▸ **TASK BRIEF**
The records below must be transcribed precisely and in full.

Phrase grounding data
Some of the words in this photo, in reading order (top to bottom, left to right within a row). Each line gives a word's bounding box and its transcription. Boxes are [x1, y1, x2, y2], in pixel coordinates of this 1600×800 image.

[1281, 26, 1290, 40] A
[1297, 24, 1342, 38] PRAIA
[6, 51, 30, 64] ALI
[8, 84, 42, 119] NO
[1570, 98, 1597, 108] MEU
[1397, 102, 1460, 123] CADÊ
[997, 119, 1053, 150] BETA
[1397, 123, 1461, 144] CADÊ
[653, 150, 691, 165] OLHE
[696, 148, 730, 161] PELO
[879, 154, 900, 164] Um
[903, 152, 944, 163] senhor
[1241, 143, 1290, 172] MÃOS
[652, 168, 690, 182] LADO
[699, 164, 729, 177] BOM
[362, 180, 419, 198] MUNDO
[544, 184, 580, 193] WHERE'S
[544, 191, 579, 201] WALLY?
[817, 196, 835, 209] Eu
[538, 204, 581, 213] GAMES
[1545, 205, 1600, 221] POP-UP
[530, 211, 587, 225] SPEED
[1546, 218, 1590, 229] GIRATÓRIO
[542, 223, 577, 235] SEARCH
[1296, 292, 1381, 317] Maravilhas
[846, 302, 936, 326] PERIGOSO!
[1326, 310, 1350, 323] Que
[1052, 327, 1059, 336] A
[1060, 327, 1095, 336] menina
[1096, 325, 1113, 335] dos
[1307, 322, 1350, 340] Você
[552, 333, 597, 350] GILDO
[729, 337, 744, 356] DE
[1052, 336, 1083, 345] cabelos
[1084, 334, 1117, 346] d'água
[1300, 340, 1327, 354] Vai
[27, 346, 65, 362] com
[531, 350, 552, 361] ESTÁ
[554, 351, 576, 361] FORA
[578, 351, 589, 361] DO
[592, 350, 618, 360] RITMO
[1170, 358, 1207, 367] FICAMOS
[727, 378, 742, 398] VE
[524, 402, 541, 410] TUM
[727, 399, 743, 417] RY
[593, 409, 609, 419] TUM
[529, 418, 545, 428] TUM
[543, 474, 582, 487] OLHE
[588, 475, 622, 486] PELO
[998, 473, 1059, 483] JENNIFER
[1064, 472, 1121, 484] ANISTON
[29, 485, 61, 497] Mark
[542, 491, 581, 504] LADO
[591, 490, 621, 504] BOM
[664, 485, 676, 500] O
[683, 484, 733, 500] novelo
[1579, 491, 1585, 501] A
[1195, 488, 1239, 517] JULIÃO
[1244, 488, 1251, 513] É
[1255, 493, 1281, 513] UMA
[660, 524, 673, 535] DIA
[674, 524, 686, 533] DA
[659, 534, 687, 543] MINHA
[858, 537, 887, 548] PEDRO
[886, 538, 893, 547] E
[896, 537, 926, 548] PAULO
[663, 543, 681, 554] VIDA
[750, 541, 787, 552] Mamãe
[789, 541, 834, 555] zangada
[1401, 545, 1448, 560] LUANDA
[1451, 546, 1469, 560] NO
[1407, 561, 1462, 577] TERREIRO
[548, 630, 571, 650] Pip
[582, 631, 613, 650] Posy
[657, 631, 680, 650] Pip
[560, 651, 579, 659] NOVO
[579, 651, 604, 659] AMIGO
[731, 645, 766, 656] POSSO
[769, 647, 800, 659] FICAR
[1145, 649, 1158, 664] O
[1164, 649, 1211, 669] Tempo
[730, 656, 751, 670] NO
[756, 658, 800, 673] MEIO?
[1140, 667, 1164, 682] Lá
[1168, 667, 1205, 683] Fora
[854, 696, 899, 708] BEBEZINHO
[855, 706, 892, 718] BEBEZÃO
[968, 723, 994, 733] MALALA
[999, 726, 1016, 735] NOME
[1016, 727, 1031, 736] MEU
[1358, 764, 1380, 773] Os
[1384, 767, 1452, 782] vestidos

▸ **TASK RESULT**
Some of the words in this photo, in reading order (top to bottom, left to right within a row). Each line gives a word's bounding box and its transcription. Boxes are [x1, y1, x2, y2], in pixel coordinates of this 1600×800 image.

[1281, 26, 1290, 40] A
[1297, 24, 1342, 38] PRAIA
[6, 51, 30, 64] ALI
[8, 84, 42, 119] NO
[1570, 98, 1597, 108] MEU
[1397, 102, 1460, 123] CADÊ
[997, 119, 1053, 150] BETA
[1397, 123, 1461, 144] CADÊ
[653, 150, 691, 165] OLHE
[696, 148, 730, 161] PELO
[879, 154, 900, 164] Um
[903, 152, 944, 163] senhor
[1241, 143, 1290, 172] MÃOS
[652, 168, 690, 182] LADO
[699, 164, 729, 177] BOM
[362, 180, 419, 198] MUNDO
[544, 184, 580, 193] WHERE'S
[544, 191, 579, 201] WALLY?
[817, 196, 835, 209] Eu
[538, 204, 581, 213] GAMES
[1545, 205, 1600, 221] POP-UP
[530, 211, 587, 225] SPEED
[1546, 218, 1590, 229] GIRATÓRIO
[542, 223, 577, 235] SEARCH
[1296, 292, 1381, 317] Maravilhas
[846, 302, 936, 326] PERIGOSO!
[1326, 310, 1350, 323] Que
[1052, 327, 1059, 336] A
[1060, 327, 1095, 336] menina
[1096, 325, 1113, 335] dos
[1307, 322, 1350, 340] Você
[552, 333, 597, 350] GILDO
[729, 337, 744, 356] DE
[1052, 336, 1083, 345] cabelos
[1084, 334, 1117, 346] d'água
[1300, 340, 1327, 354] Vai
[27, 346, 65, 362] com
[531, 350, 552, 361] ESTÁ
[554, 351, 576, 361] FORA
[578, 351, 589, 361] DO
[592, 350, 618, 360] RITMO
[1170, 358, 1207, 367] FICAMOS
[727, 378, 742, 398] VE
[524, 402, 541, 410] TUM
[727, 399, 743, 417] RY
[593, 409, 609, 419] TUM
[529, 418, 545, 428] TUM
[543, 474, 582, 487] OLHE
[588, 475, 622, 486] PELO
[998, 473, 1059, 483] JENNIFER
[1064, 472, 1121, 484] ANISTON
[29, 485, 61, 497] Mark
[542, 491, 581, 504] LADO
[591, 490, 621, 504] BOM
[664, 485, 676, 500] O
[683, 484, 733, 500] novelo
[1579, 491, 1585, 501] A
[1195, 488, 1239, 517] JULIÃO
[1244, 488, 1251, 513] É
[1255, 493, 1281, 513] UMA
[660, 524, 673, 535] DIA
[674, 524, 686, 533] DA
[659, 534, 687, 543] MINHA
[858, 537, 887, 548] PEDRO
[886, 538, 893, 547] E
[896, 537, 926, 548] PAULO
[663, 543, 681, 554] VIDA
[750, 541, 787, 552] Mamãe
[789, 541, 834, 555] zangada
[1401, 545, 1448, 560] LUANDA
[1451, 546, 1469, 560] NO
[1407, 561, 1462, 577] TERREIRO
[548, 630, 571, 650] Pip
[582, 631, 613, 650] Posy
[657, 631, 680, 650] Pip
[560, 651, 579, 659] NOVO
[579, 651, 604, 659] AMIGO
[731, 645, 766, 656] POSSO
[769, 647, 800, 659] FICAR
[1145, 649, 1158, 664] O
[1164, 649, 1211, 669] Tempo
[730, 656, 751, 670] NO
[756, 658, 800, 673] MEIO?
[1140, 667, 1164, 682] Lá
[1168, 667, 1205, 683] Fora
[854, 696, 899, 708] BEBEZINHO
[855, 706, 892, 718] BEBEZÃO
[968, 723, 994, 733] MALALA
[999, 726, 1016, 735] NOME
[1016, 727, 1031, 736] MEU
[1358, 764, 1380, 773] Os
[1384, 767, 1452, 782] vestidos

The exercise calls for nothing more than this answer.